== Work to complete ==
Each line in the data holding "TINTO" should be listed.

-.-.-

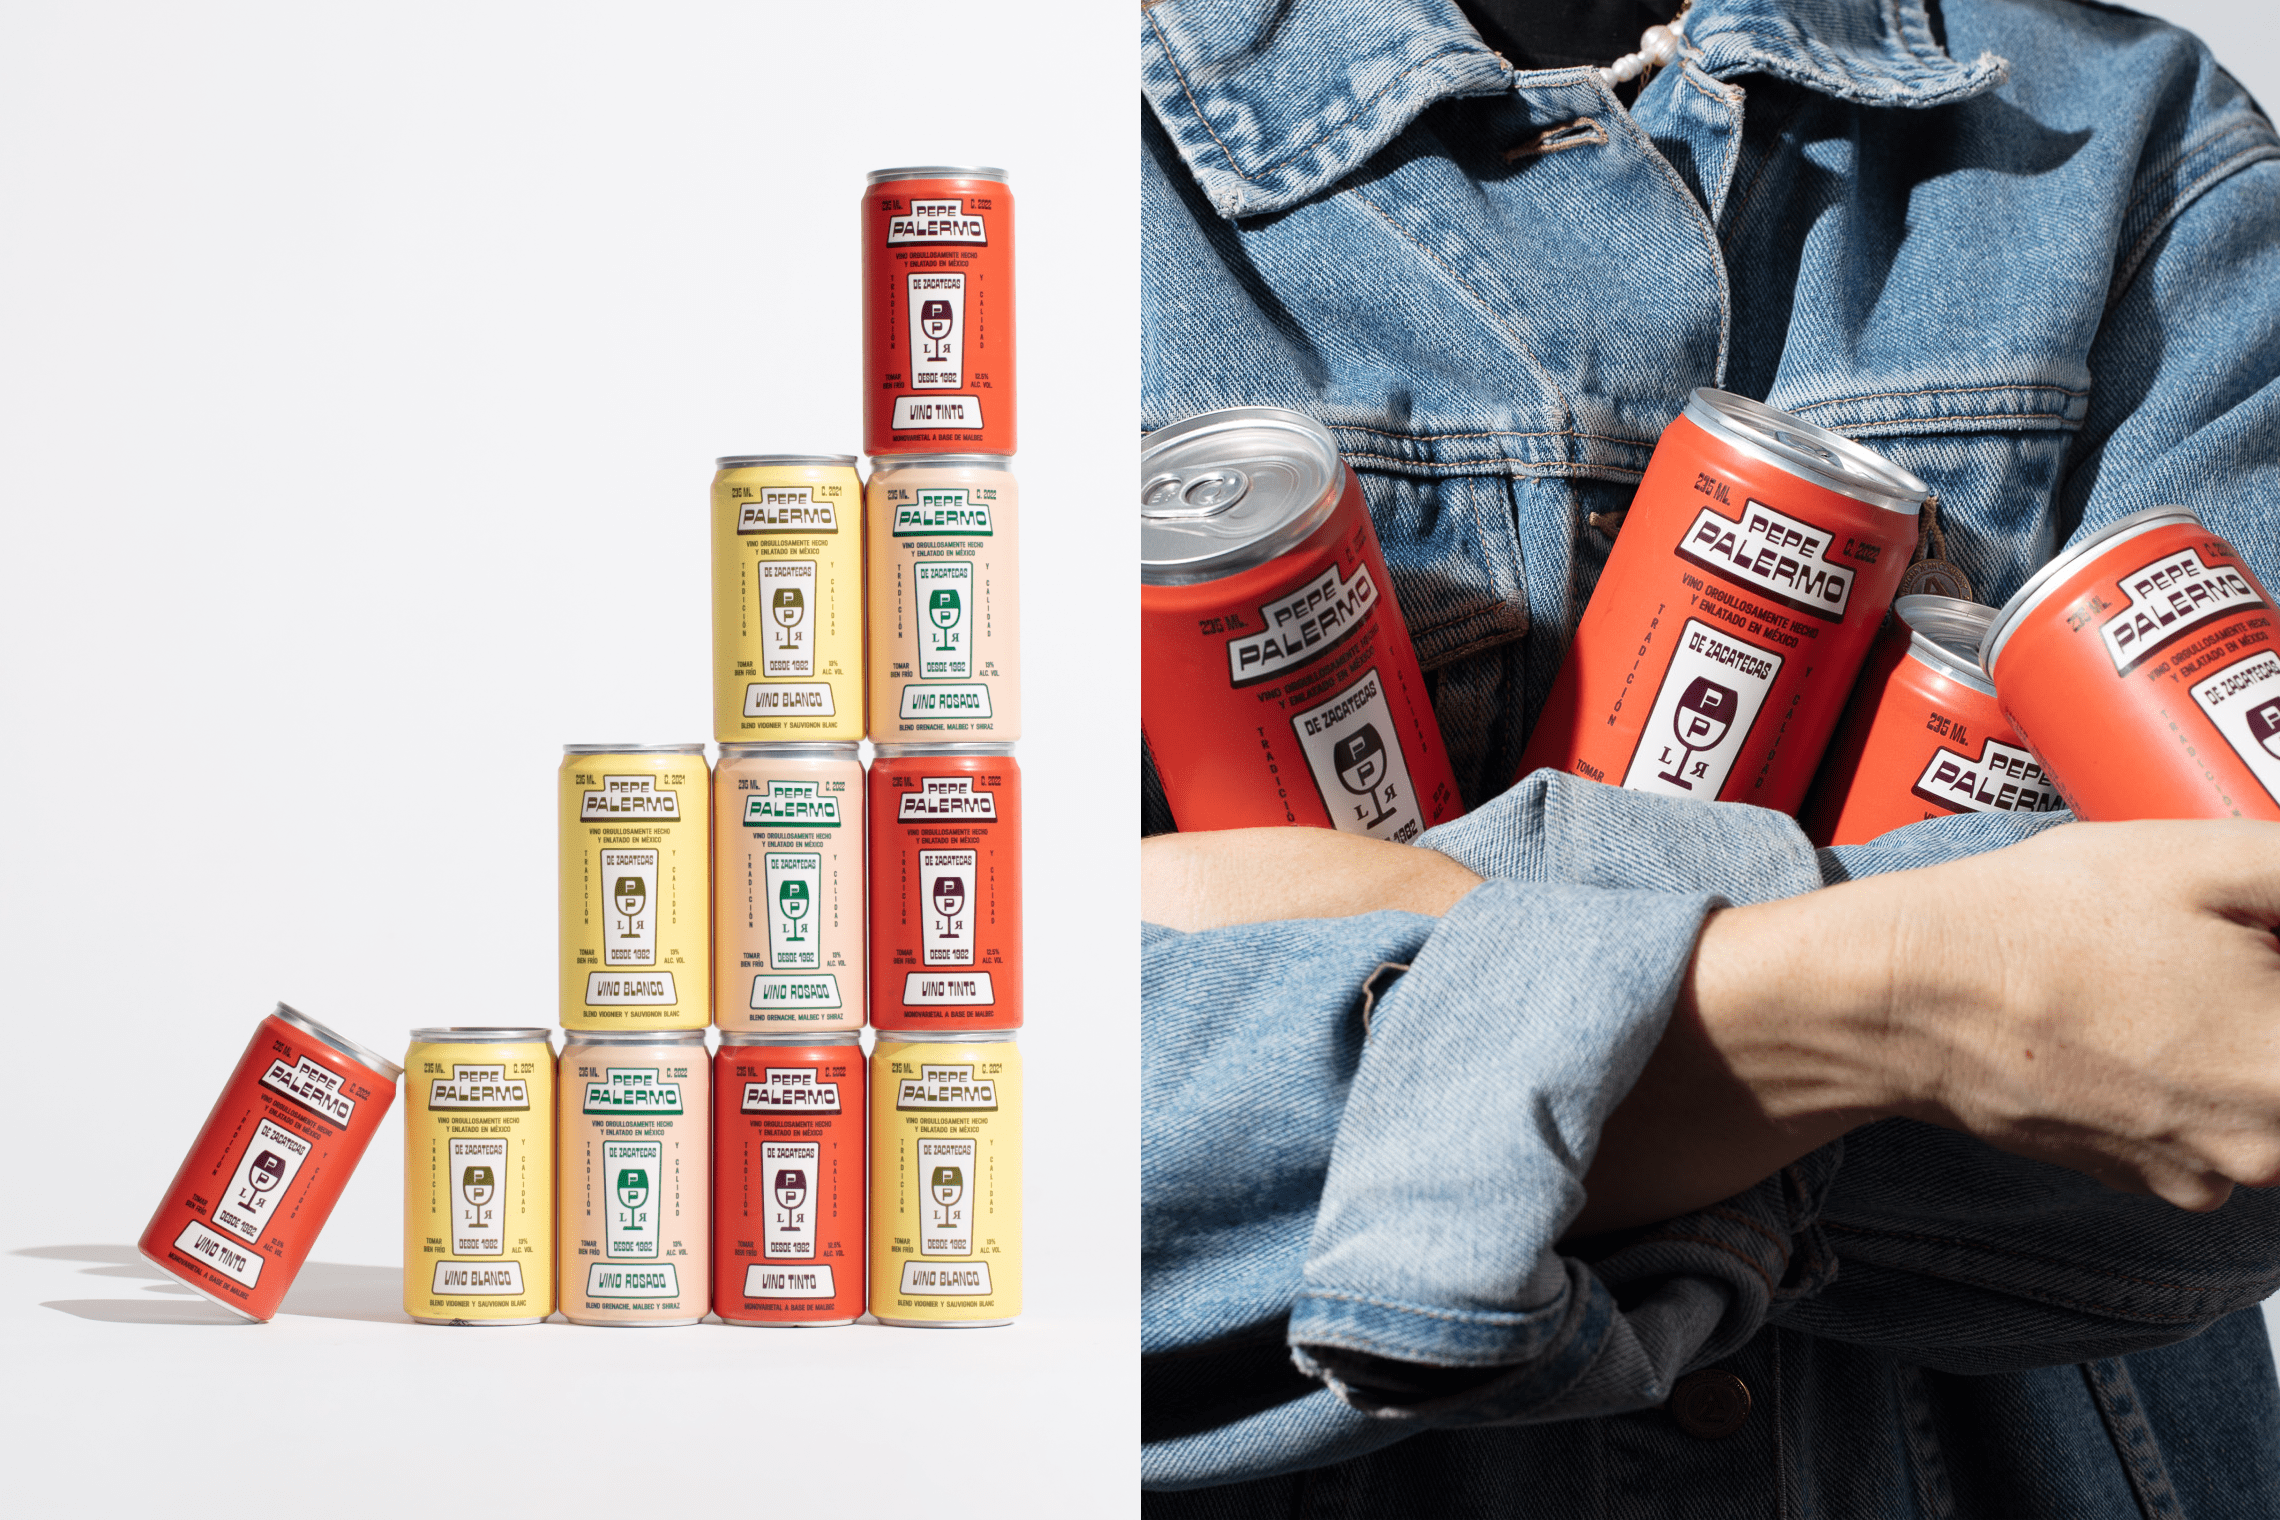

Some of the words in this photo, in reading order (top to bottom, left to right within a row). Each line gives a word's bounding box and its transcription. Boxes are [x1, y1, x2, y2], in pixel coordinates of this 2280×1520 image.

[917, 206, 956, 216] PEPE
[893, 221, 981, 236] PALERMO
[913, 280, 921, 289] DE
[923, 279, 960, 289] ZACATECAS
[918, 373, 939, 383] DESDE
[910, 405, 931, 420] VINO
[936, 405, 964, 419] TINTO
[1694, 472, 1714, 496] 235
[1714, 482, 1731, 506] ML.
[767, 494, 806, 504] PEPE
[924, 496, 962, 506] PEPE
[743, 509, 831, 524] PALERMO
[899, 511, 986, 526] PALERMO
[1749, 514, 1820, 558] PEPE
[1693, 521, 1845, 603] PALERMO
[764, 567, 772, 577] DE
[774, 567, 811, 577] ZACATECAS
[921, 569, 928, 578] DE
[930, 568, 967, 578] ZACATECAS
[2134, 559, 2200, 599] PEPE
[1274, 579, 1336, 627] PEPE
[1682, 572, 1704, 592] VINO
[1705, 584, 1789, 629] ORGULLOSAMENTE
[1790, 620, 1819, 639] HECHO
[1690, 594, 1699, 605] Y
[1699, 598, 1747, 628] ENLATADO
[1748, 621, 1762, 634] EN
[1763, 624, 1799, 648] MÉXICO
[2113, 574, 2251, 654] PALERMO
[1240, 576, 1371, 670] PALERMO
[2170, 622, 2248, 666] ORGULLOSAMENTE
[1689, 632, 1706, 653] DE
[1705, 639, 1772, 680] ZACATECAS
[2170, 672, 2179, 683] Y
[2180, 647, 2225, 677] ENLATADO
[2225, 640, 2239, 653] EN
[770, 661, 790, 670] DESDE
[2205, 686, 2225, 705] DE
[2220, 660, 2280, 696] ZACATECAS
[756, 693, 778, 708] VINO
[782, 692, 822, 707] BLANCO
[913, 694, 935, 709] VINO
[940, 694, 979, 708] ROSADO
[1304, 718, 1322, 736] DE
[1322, 680, 1377, 729] ZACATECAS
[1926, 712, 1952, 736] 235
[1950, 723, 1969, 746] ML.
[1257, 727, 1297, 827] TRADICIÓ
[1576, 758, 1604, 783] TOMAR
[610, 782, 649, 792] PEPE
[775, 788, 812, 798] PEPE
[928, 783, 967, 794] PEPE
[1931, 761, 2067, 812] PALERM
[586, 797, 674, 812] PALERMO
[750, 802, 835, 817] PALERMO
[904, 798, 991, 813] PALERMO
[607, 856, 614, 865] DE
[616, 855, 653, 865] ZACATECAS
[771, 859, 779, 869] DE
[781, 859, 816, 869] ZACATECAS
[925, 855, 933, 865] DE
[935, 855, 972, 866] ZACATECAS
[598, 981, 620, 996] VINO
[624, 981, 664, 996] BLANCO
[763, 985, 786, 999] VINO
[791, 984, 829, 999] ROSADO
[922, 981, 944, 996] VINO
[948, 981, 976, 996] TINTO
[299, 1063, 337, 1091] PEPE
[459, 1071, 498, 1082] PEPE
[613, 1075, 652, 1086] PEPE
[772, 1074, 811, 1086] PEPE
[928, 1071, 967, 1082] PEPE
[268, 1065, 349, 1118] PALERMO
[435, 1086, 524, 1101] PALERMO
[589, 1090, 676, 1105] PALERMO
[747, 1089, 835, 1105] PALERMO
[903, 1086, 992, 1102] PALERMO
[261, 1125, 271, 1136] DE
[271, 1130, 306, 1155] ZACATECAS
[455, 1145, 463, 1154] DE
[465, 1145, 502, 1155] ZACATECAS
[610, 1147, 617, 1158] DE
[619, 1148, 656, 1158] ZACATECAS
[767, 1148, 775, 1158] DE
[777, 1148, 814, 1158] ZACATECAS
[924, 1145, 931, 1155] DE
[933, 1145, 971, 1155] ZACATECAS
[194, 1235, 218, 1258] VINO
[221, 1249, 247, 1272] TINTO
[444, 1271, 468, 1286] VINO
[471, 1270, 511, 1286] BLANCO
[599, 1273, 622, 1288] VINO
[626, 1273, 666, 1288] ROSADO
[762, 1274, 784, 1289] VINO
[788, 1274, 816, 1290] TINTO
[913, 1271, 936, 1286] VINO
[940, 1271, 980, 1286] BLANCO

-.-.-

== Task solution ==
[936, 405, 964, 419] TINTO
[948, 981, 976, 996] TINTO
[221, 1249, 247, 1272] TINTO
[788, 1274, 816, 1290] TINTO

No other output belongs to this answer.